Nonfiction Elements in “Love Innings” by Devin Kelly

“Love Innings” is a nonfiction story written by Devin Kelly. It uses the idea of a baseball game as an objective correlative to talk about different aspects of life, including growing up and romantic relationships. The narrator sits through the innings of the game, which are used to section the piece, and grapples with inner struggles as he comes to term with his recently ended relationship. One of the strongest analogies to baseball to life, in my opinion, comes in the section “3rd Inning” when Kelly writes, “It is a game laced with imperfection, one you can only master when you realize that certain things are not in your control” and goes on to show how a well-hit ball can still be caught and a weak grounder can somehow manage to evade the fielder for a bloop single. I think that is a very important point in the piece because it connects baseball to something larger.

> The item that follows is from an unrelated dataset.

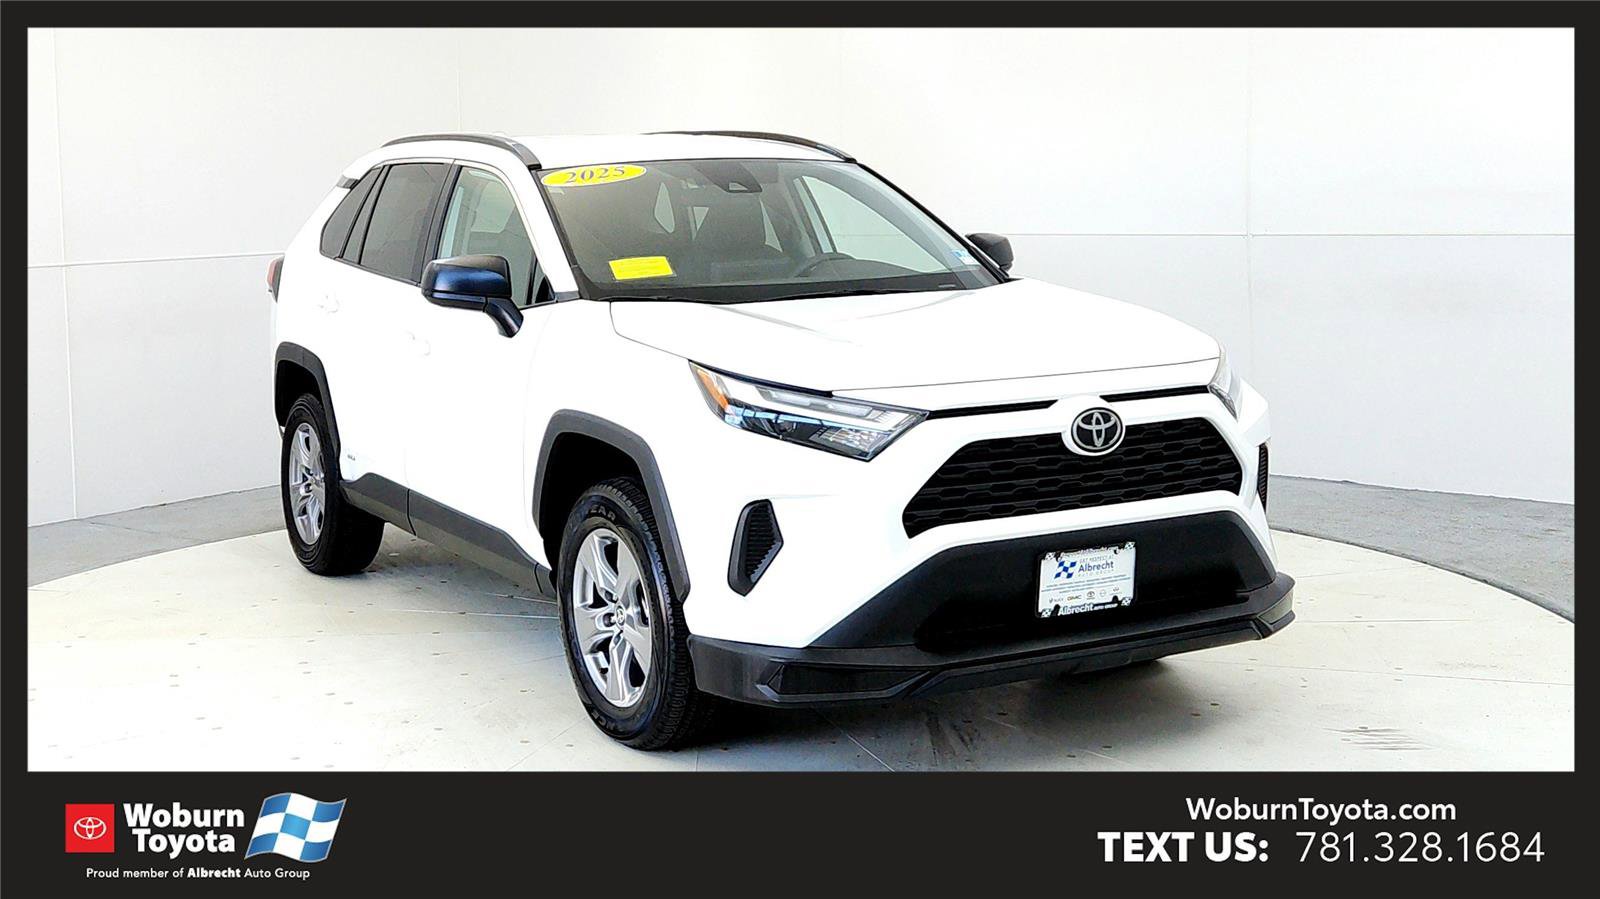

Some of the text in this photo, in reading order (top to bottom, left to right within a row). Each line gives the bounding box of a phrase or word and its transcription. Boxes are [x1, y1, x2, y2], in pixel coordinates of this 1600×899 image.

[564, 166, 625, 183] 2025
[1078, 560, 1114, 573] Albrecht
[1058, 602, 1094, 616] Albrecht

When talking about fact vs. nonfiction, there are certain craft elements that lend itself to a nonfiction reading. First, there are clearly given names of places, such as “Hagerstown, Maryland” in the beginning, which are characteristic of personal essays. The content of the story reads like a true narrative. The reader is supposed to, and does, believe that this narrator is sitting at this minor league baseball game with his father and his brother, and that he recently got out of a pretty serious relationship. The observing nature of the narrator also contributes to the sense of nonfiction that pervades the piece. He watches the Little League kids, the boy with his mother in front of him, and the trucker who by the end of the game has consumed six beers (we know that because the narrator has counted).

On some Facebook photo that was shared by a friend who is an English teacher, there was a mug with the saying “Creative Nonfiction: True Stories, Well Told.” At first I laughed, thinking that was such a short, concise definition that must be too easy for all the discussion we’ve spent analyzing the differences between fact, nonfiction, and fiction. However, the more I thought about this saying, the more I saw it as being a pretty decent definition. When I think of straight facts, newspaper articles come to mind, and this essay is not written like a newspaper article. If it was, it would read something like “On a June day in Maryland, the named narrator attended a local baseball game, where the home team lost (insert score) but his mind was distracted with thoughts of his ex-girlfriend…” “Love Innings isn’t written that way, even though all those events I mentioned before do take place. Creative nonfiction enters a realm where the aesthetics of the story are just as important, if not a little more so than the true facts. Sometimes facts need to be sacrificed for the sake of the piece. For example, the narrator’s mother might not have run away on the family the way she did, but including it in the story like that shows character while also establishing the importance of baseball in the narrator’s life. This example of nonfiction really is a “true story, well told” even if that is a simple definition.